Cengiz, who filed the suit, pilloried Biden personally in statements on Twitter following the submission of the filing in defense of MBS’s immunity.
“Jamal died again today,” she wrote. “Biden saved the murderer by granting immunity. He saved the criminal and got involved in the crime himself”:
Democracy for the Arab World Now (DAWN), a human rights organization founded by Khashoggi serving as co-plaintiff in the case, also expressed disgust with Biden personally and his administration on Thursday.
“It’s really beyond ironic that President Biden has basically delivered an assurance of impunity for Mohammed bin Salman, which is the exact opposite of what he promised to do to hold the killers of Jamal Khashoggi accountable,” Sarah Leah Whitson, DAWN executive director, said in a statement.
Democrats, and Biden in particular, spent much of 2019 condemning Saudi Arabia and expressing their belief that, rather than a gruesome mistake by consulate staff, Khashoggi’s killing was a direct order from MBS.
“Yes, and I said it at the time. Khashoggi was, in fact, murdered and dismembered, and I believe on the order of the crown prince,” Biden said during a debate against other Democrat party candidates in 2019. “And I would make it very clear we were not going to, in fact, sell more weapons to them, we were going to, in fact, make them pay the price and make them, in fact, the pariah that they are.”

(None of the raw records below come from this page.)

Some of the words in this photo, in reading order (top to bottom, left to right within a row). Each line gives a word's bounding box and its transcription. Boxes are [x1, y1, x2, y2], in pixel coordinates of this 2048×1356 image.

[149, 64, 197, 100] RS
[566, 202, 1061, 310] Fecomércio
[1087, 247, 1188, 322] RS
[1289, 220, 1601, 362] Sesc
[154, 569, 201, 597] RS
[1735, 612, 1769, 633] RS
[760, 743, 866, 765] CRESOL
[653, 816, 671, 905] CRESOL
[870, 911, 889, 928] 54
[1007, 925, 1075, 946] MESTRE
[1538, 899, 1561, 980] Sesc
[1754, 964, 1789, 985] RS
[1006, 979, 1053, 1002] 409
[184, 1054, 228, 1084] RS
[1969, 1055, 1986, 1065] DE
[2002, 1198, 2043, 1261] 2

“There’s very little social redeeming value in the present government in Saudi Arabia,” Biden asserted.
Biden’s decision to visit Saudi Arabia in July thus prompted widespread outrage, to which the White House reacted with a column in the Washington Post by the president. Biden titled the article “Why I’m Going to Saudi Arabia,” but he did not offer any explanation for his decision other than denying that he was seeking to convince the Saudis to produce more oil, thus bringing down gasoline prices at home.
“I know that there are many who disagree with my decision to travel to Saudi Arabia. My views on human rights are clear and long-standing,” Biden wrote, “and fundamental freedoms are always on the agenda when I travel abroad, as they will be during this trip, just as they will be in Israel and the West Bank.”

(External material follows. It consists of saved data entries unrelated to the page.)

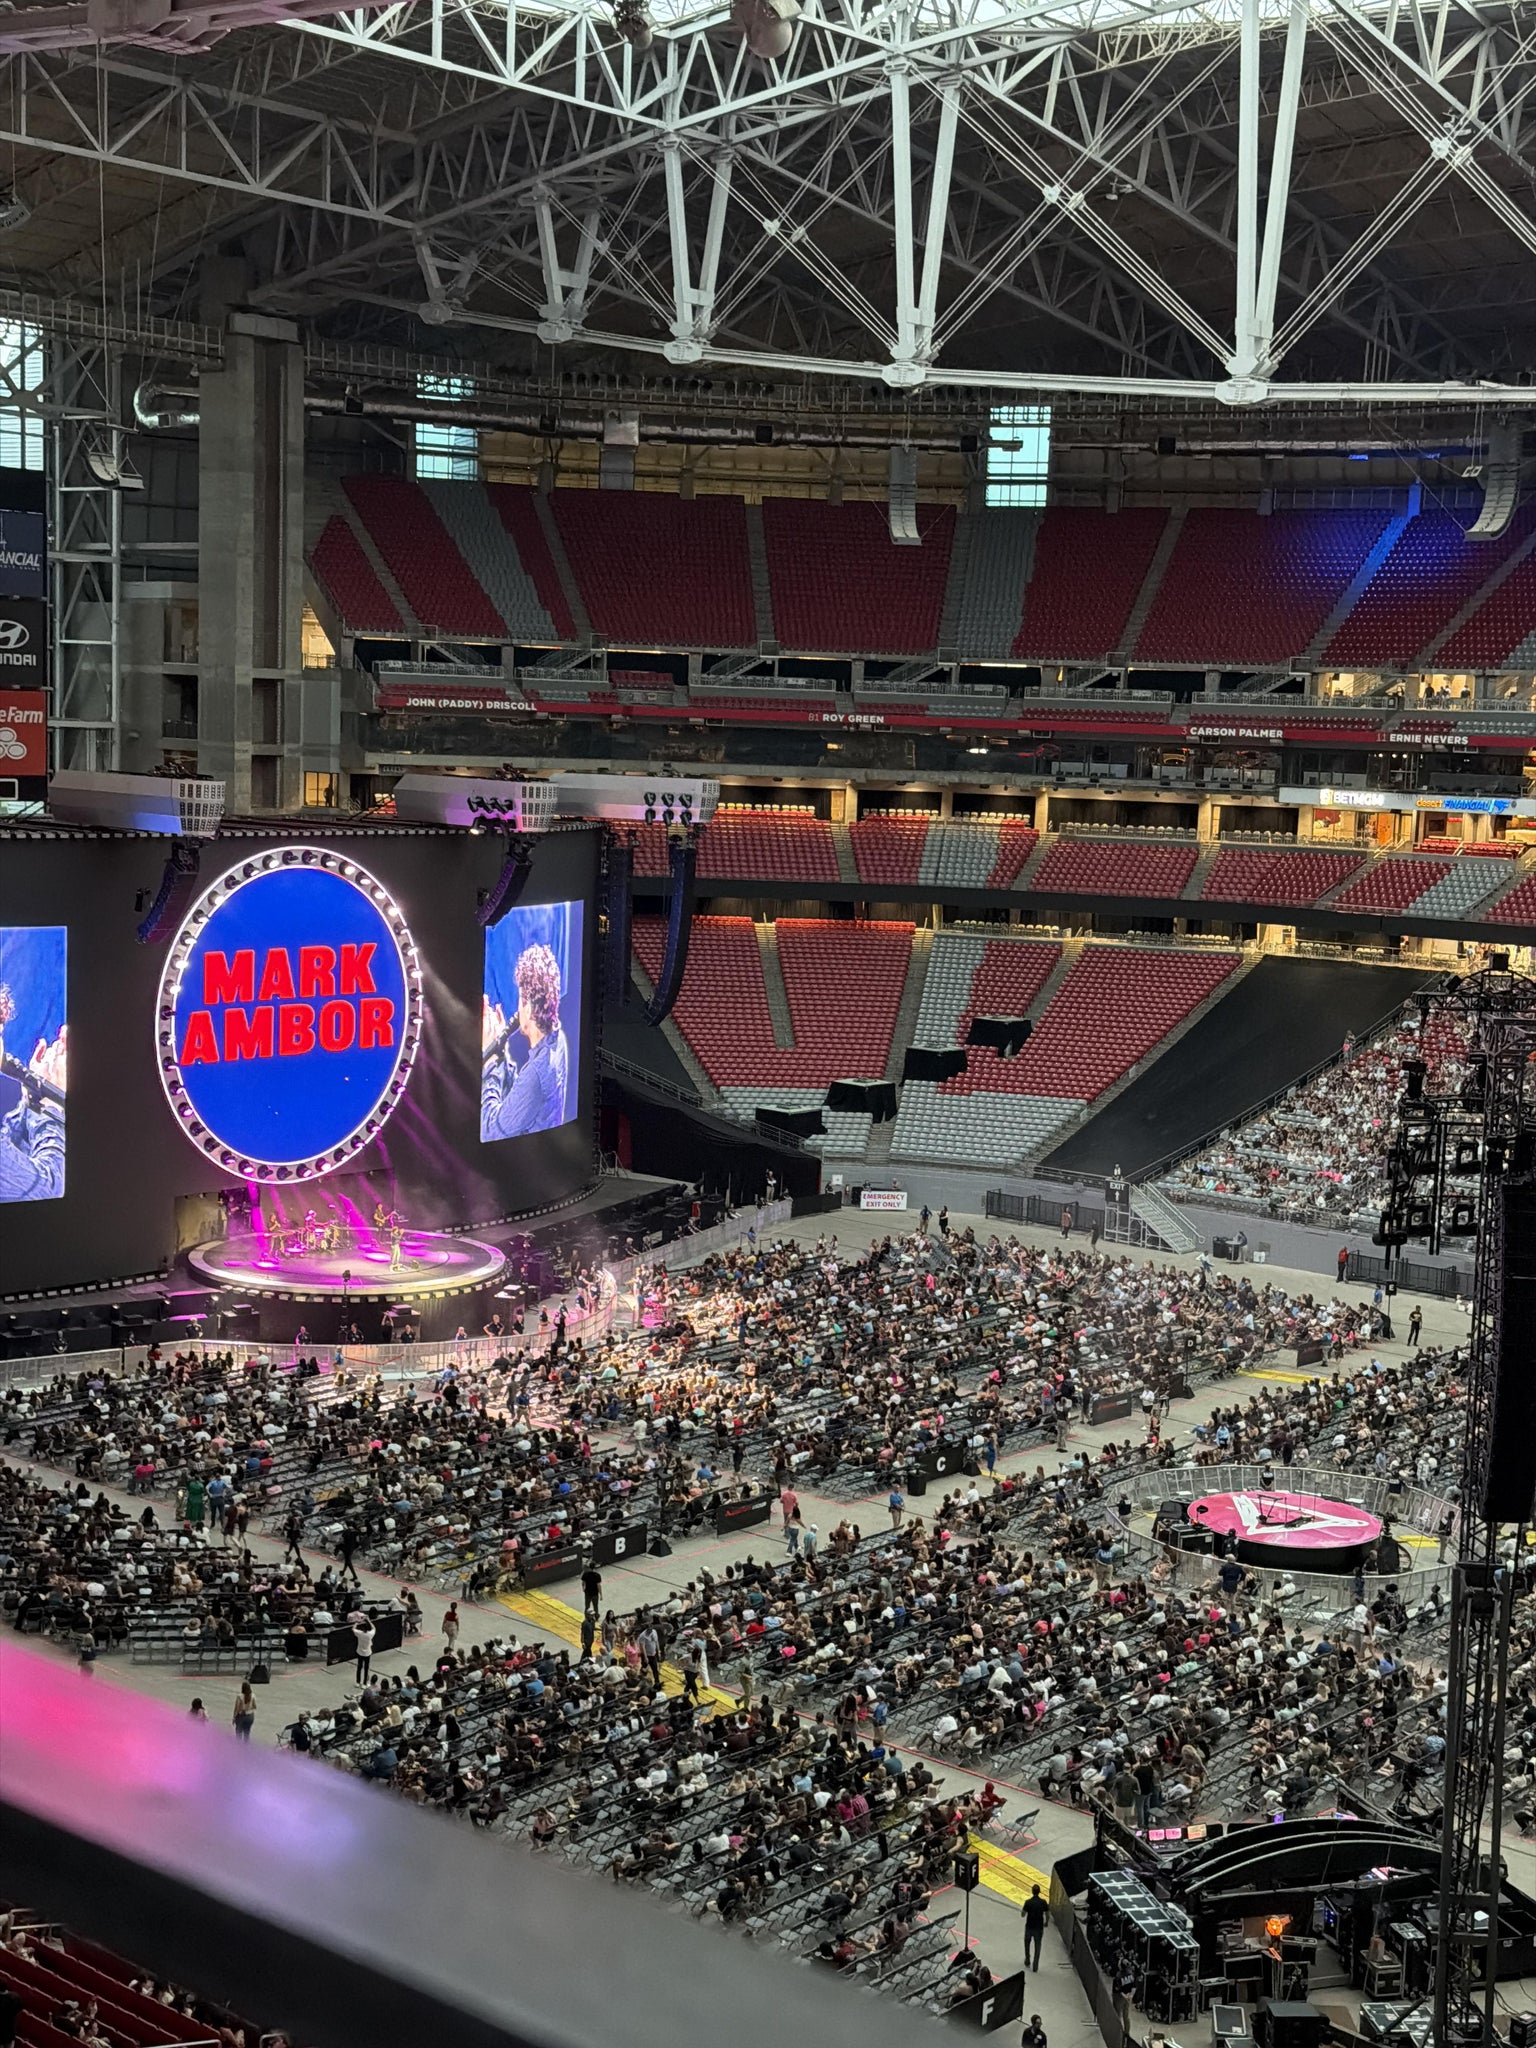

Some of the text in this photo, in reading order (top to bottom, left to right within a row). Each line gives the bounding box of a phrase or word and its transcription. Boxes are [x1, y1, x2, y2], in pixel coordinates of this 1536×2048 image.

[0, 653, 37, 666] NDAI
[406, 698, 537, 711] JOHN (PADDY) DRISCOLL
[808, 713, 884, 724] 81 ROY GREEN
[1181, 727, 1283, 738] 3 CARSON PALMER
[1376, 733, 1469, 745] 11 ERNIE NEVERS
[204, 943, 378, 1004] MARK
[180, 997, 395, 1066] AMBOR
[1109, 1182, 1125, 1190] EXIT
[936, 1456, 946, 1471] C
[665, 1481, 671, 1490] B
[615, 1537, 626, 1554] B
[260, 1595, 268, 1606] A
[959, 1864, 965, 1877] F
[981, 1997, 995, 2026] F

Shortly before arriving in Saudi Arabia, Biden ignored a request from Cengiz to discuss Khashoggi’s killing.
The visit to Saudi Arabia went poorly. A photo of Biden fist-bumping a smiling MBS prompted global outrage, to which Biden responded by claiming he addressed Khashoggi during his conversation with the crown prince.
“I was straightforward and direct when discussing it,” Biden said after the discussion. “I made my view crystal clear. I said very straightforwardly. For an American president to be silent on an issue of human rights is inconsistent with who we are and who I am.”
Saudi Foreign Affairs Minister Adel al-Jubeir, who was at the meeting, later claimed that Biden “took Saudi Arabia’s assurances at face value” that MBS did not order Khashoggi’s execution.
“T]he Crown Prince explained to him that this was a tragedy for Saudi Arabia and that those who were responsible for it have been investigated and faced [the] law and are now paying the price for the crime that was committed,” al-Jubeir told left-wing outlet CNN, “and we — the conversation then moved on in terms of the official discussions.”
Following Biden’s visit, the Wall Street Journal, citing anonymous sources, claimed in October that MBS “mocks President Biden in private, making fun of the 79-year-old’s gaffes and questioning his mental acuity.”
In an interview in March, MBS described Khashoggi’s killing as a violation of his, the crown prince’s, human rights.
“I feel, myself, that human rights law wasn’t applied to me,” MBS lamented to the Atlantic. “Article XI of the Universal Declaration of Human Rights states that any person is innocent until proven guilty. I didn’t get that right. So how can you talk to me about human rights without treating me according to my Article XI human rights? That doesn’t make sense.”